Und doch prägt dieser letzte, rasche Anstieg der Kurve die Wahrnehmung. Die Ursache für hektische Betriebsamkeit ist daher nicht der rasante Fortschritt. Sondern die Unbeweglichkeit vorher. Auf dem falschen Fuß erwischt die Entwicklung nur jene, die den langen Anlauf übersehen haben. Nur wer spät startet, muss schneller rennen. Das beste Rezept gegen den atemlosen Wettlauf ist daher: früher loslaufen. „Disruption kommt nur für diejenigen überraschend, die sich nicht mit den wissenschaftlichen Trends beschäftigen“, sagt Wolfgang Wahlster, Direktor des Deutschen Forschungszentrums für künstliche Intelligenz DFKI. Zu seinem Leidwesen tun das deutsche Unternehmen nicht. „Der Begriff Industrie 4.0 ist ein Konzept aus Deutschland, das wir 2010 geprägt haben.“ Erst als er zeitverzögert als „Industrial Internet“ in den USA aufgegriffen wurde, stieg in deutschen Unternehmen das Interesse stark an.
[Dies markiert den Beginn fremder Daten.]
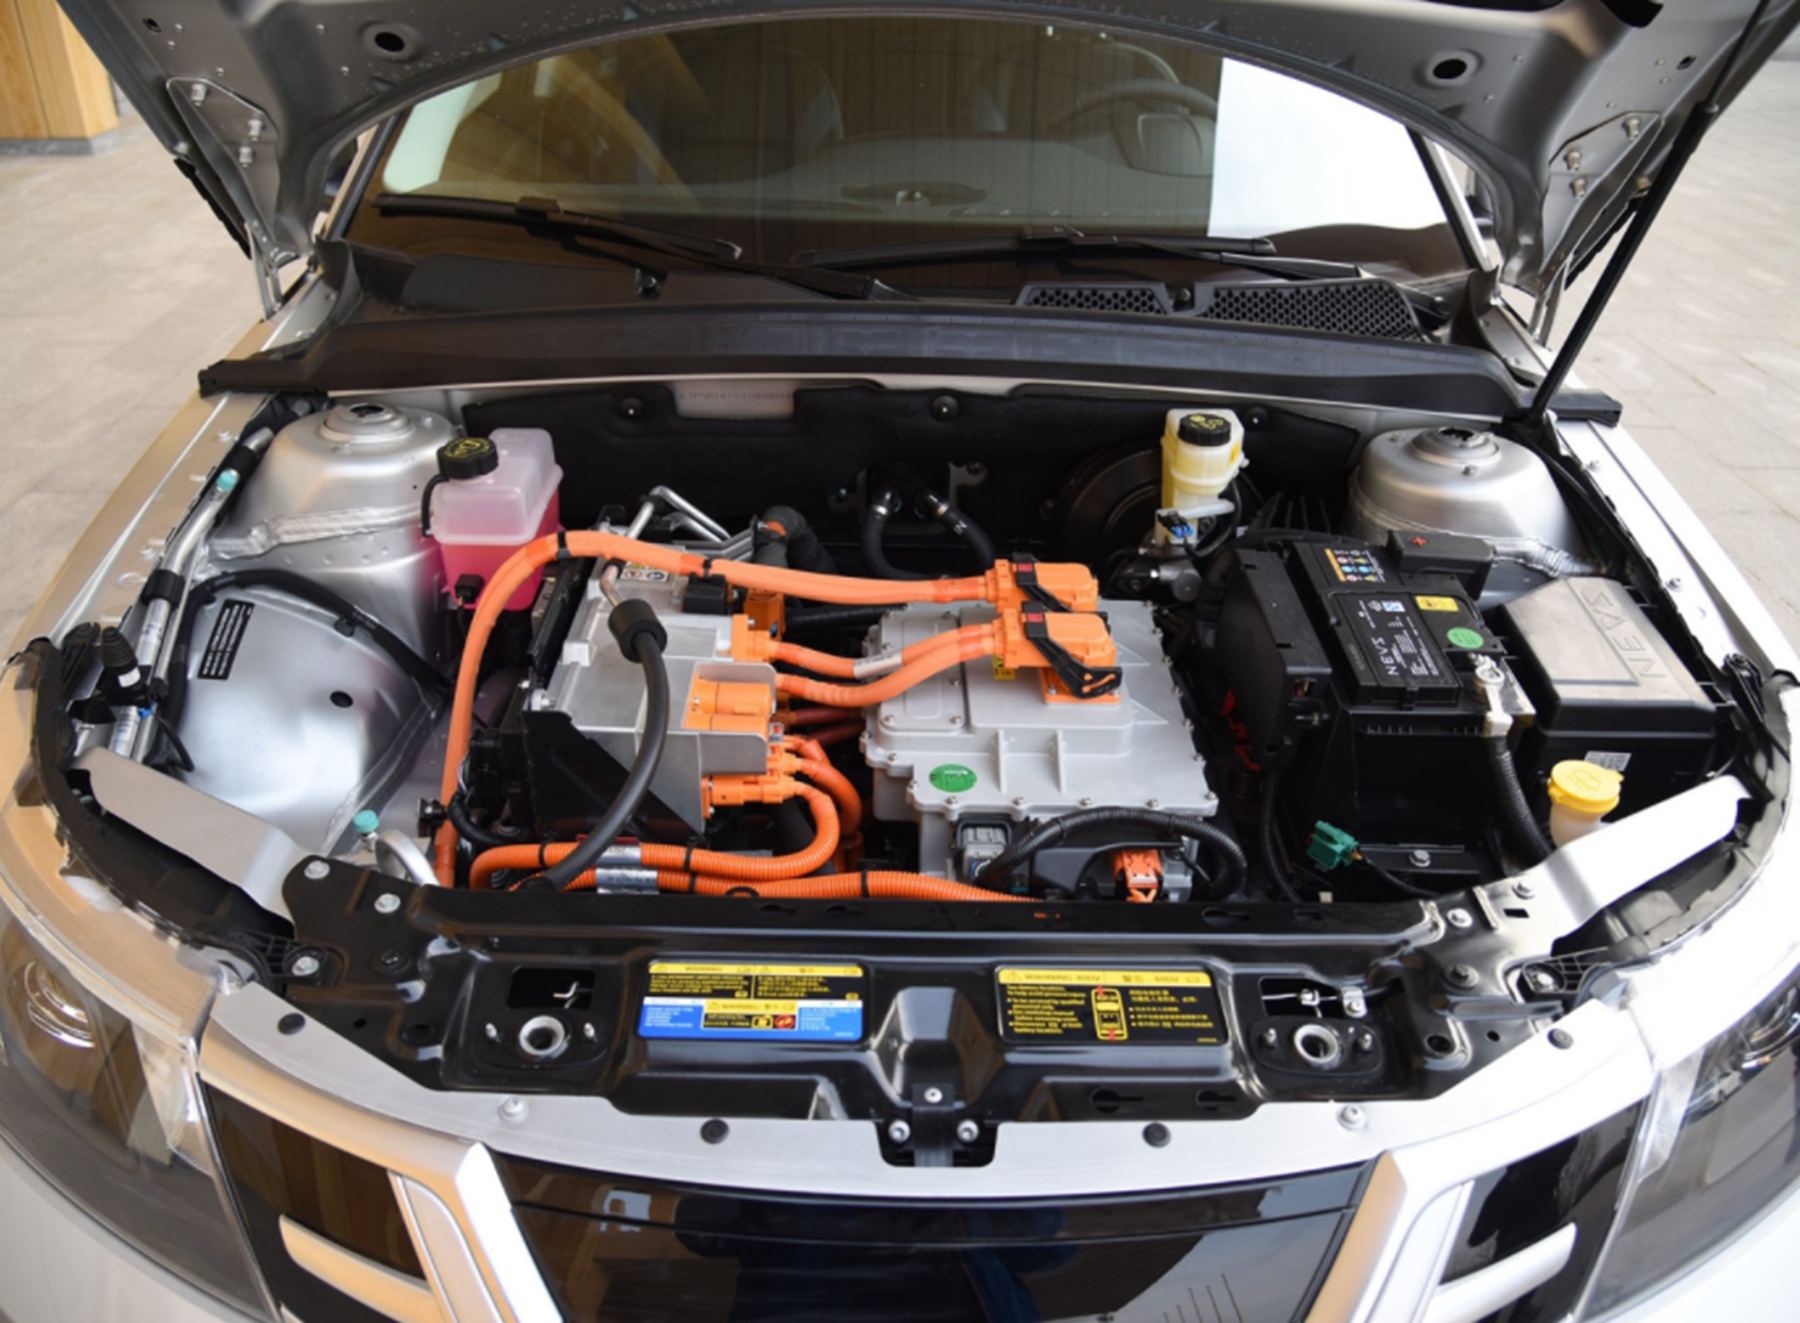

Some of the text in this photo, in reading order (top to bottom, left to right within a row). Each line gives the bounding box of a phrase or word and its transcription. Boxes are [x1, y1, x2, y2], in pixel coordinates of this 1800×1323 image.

[1579, 591, 1667, 677] NEVS
[1371, 637, 1400, 675] NEVS
[1023, 973, 1073, 981] WARNING
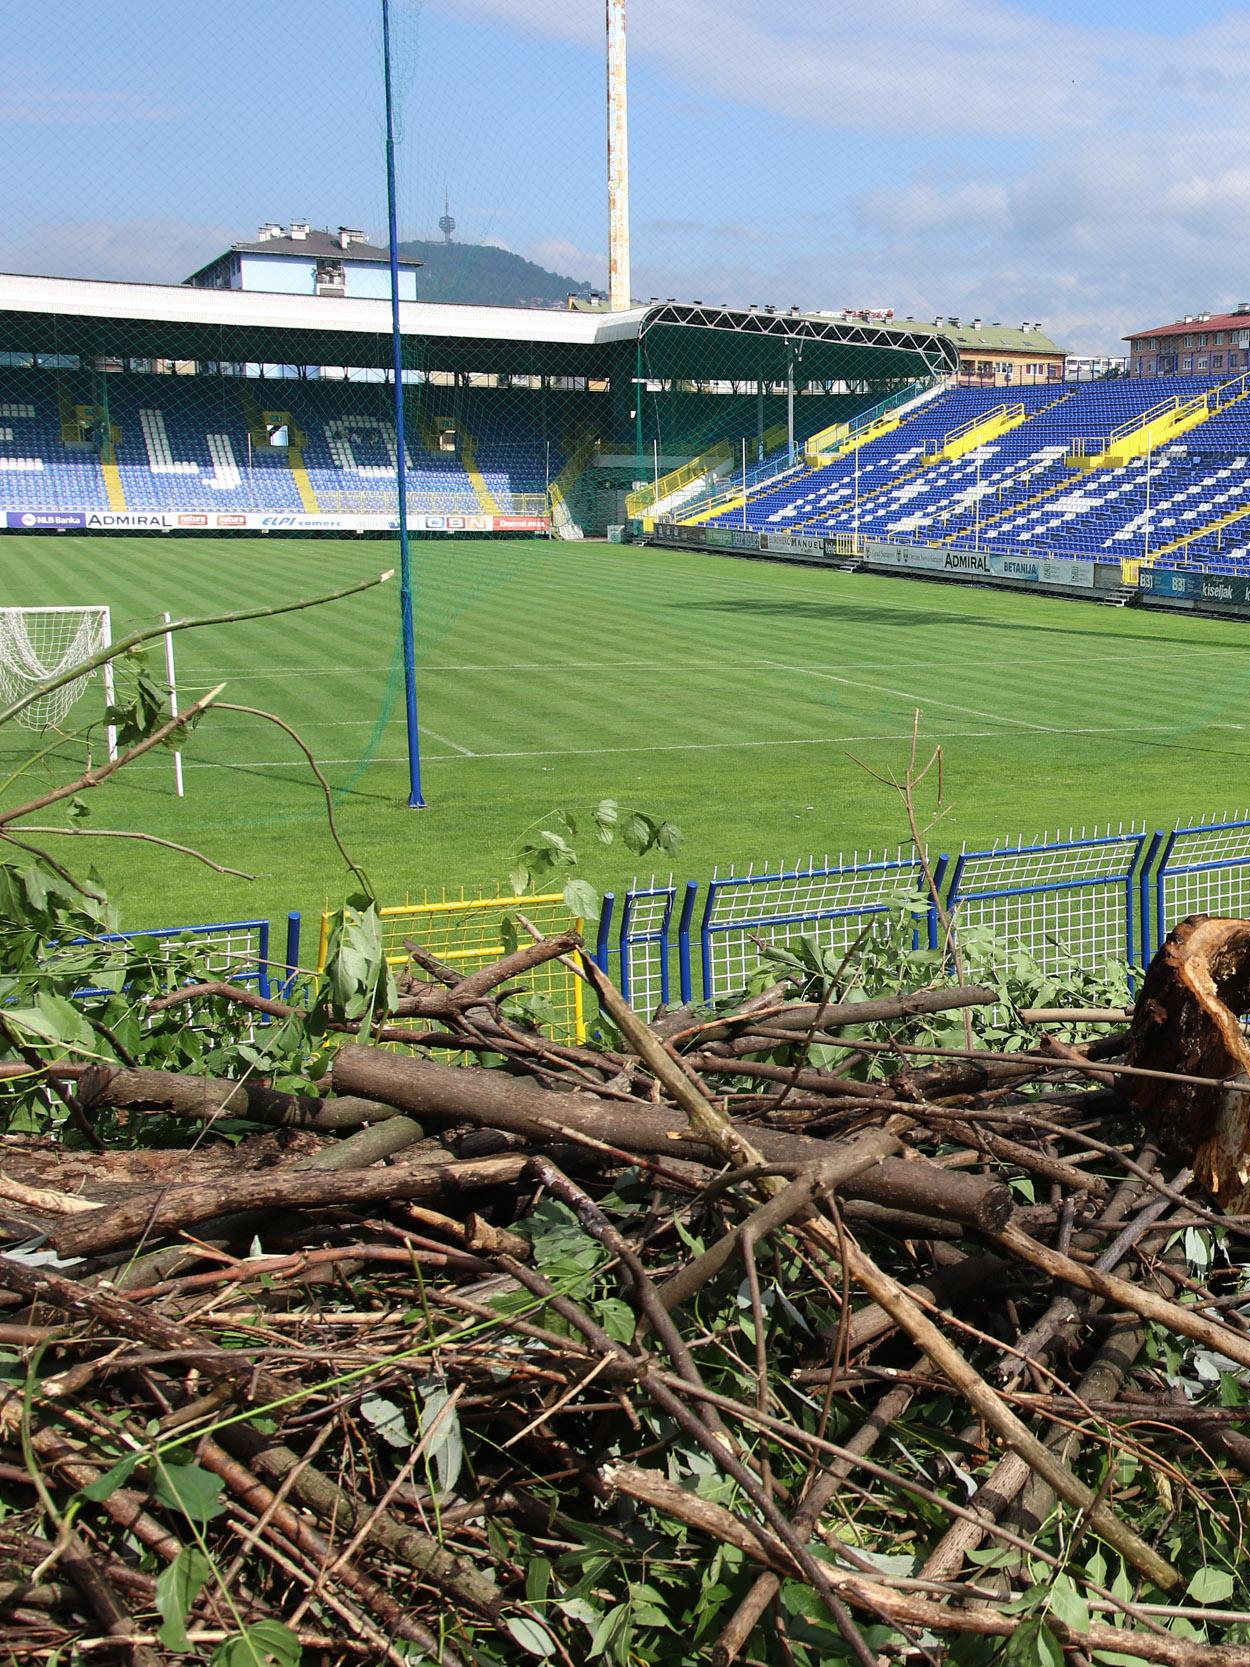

Chatbots? Schon Ende der 1990er habe er den ersten dieser Art für den Versandhändler Otto entwickelt. „Vor 60 Jahren hatte man schon einfache mehrschichtige neuronale Netze – und viele Vorstandsvorsitzende hören jetzt den Begriff maschinelles Lernen zum ersten Mal.“ Warum sich dennoch viele förmlich überrannt fühlen, komme daher, „dass Entwicklungen oft erst dann ernst genommen werden, wenn sie aus dem Silicon Valley in englischer Übersetzung zurückkommen“.

Gute Erfindungen fallen schwer

Dabei entstehen auch im Silicon Valley keine Wundermaschinen. Kuri beispielsweise ist derzeit einer der meistgehypten Roboter für Privatkunden. Er erinnert in Gestalt und Größe an einen Pinguin, das Startup Mayfield Robotics hat ihn im Januar 2017 auf der CES vorgestellt. Was kann er? Vielleicht sprechen? „Nein, das kann Kuri natürlich nicht“, sagt Marketingchef Chris Matthews. Trotz der jüngsten Erfolge im maschinellen Lernen gibt Kuri nur roboterartige Laute von sich. Er kann auf Wunsch beispielsweise Musik abspielen, seinen Besitzer informieren, falls eine bestimmte Person das Haus betritt. Kuri lässt sich per Smartphone fernbedienen, wenn sein Besitzer nicht zu Hause ist. Dann kann dieser durch Kuris Kamera-Augen schauen und durch seinen Lautsprecher reden. Während Forscher davon schwärmen, wie eine KI-Methode namens Deep Learning die Spracherkennung vorantreibt, verzichten die Praktiker lieber noch auf sie.

Wir müssen uns einen Umstand eingestehen: Wirklich bahnbrechende Erfindungen fallen unglaublich schwer. Selbst unter Mithilfe von künstlicher Intelligenz wird sich der Prozess nicht beschleunigen lassen. Vielleicht könnte diese Technologie sogar das Gegenteil bewirken. „Sie könnte für eine Verlangsamung der Entwicklung sorgen, weil sie auf Basis von Daten aus der Vergangenheit lernt“, fürchtet Daimler-Zukunftsforscher Mankowsky. Konsequent zu Ende gedacht sei eine Zukunft mit künstlicher Intelligenz eine Wiederholung des ewig selben. „Wenn man zehn Rembrandts hat, kann man den elften automatisch malen.“ Filme und Fernsehserien könnten zwar auf der Basis von KI geschrieben werden – aber mit dem Ergebnis, dass alle ähnlich wären. „KI ist das Gleiche in Varianten“, sagt Mankowsky. Computer haben keine Visionen. Und sie sind nicht innovativ. Menschen sind es – aber dafür brauchen sie Zeit. Der Befehl, schneller zu denken, hat noch nie zum Ziel geführt.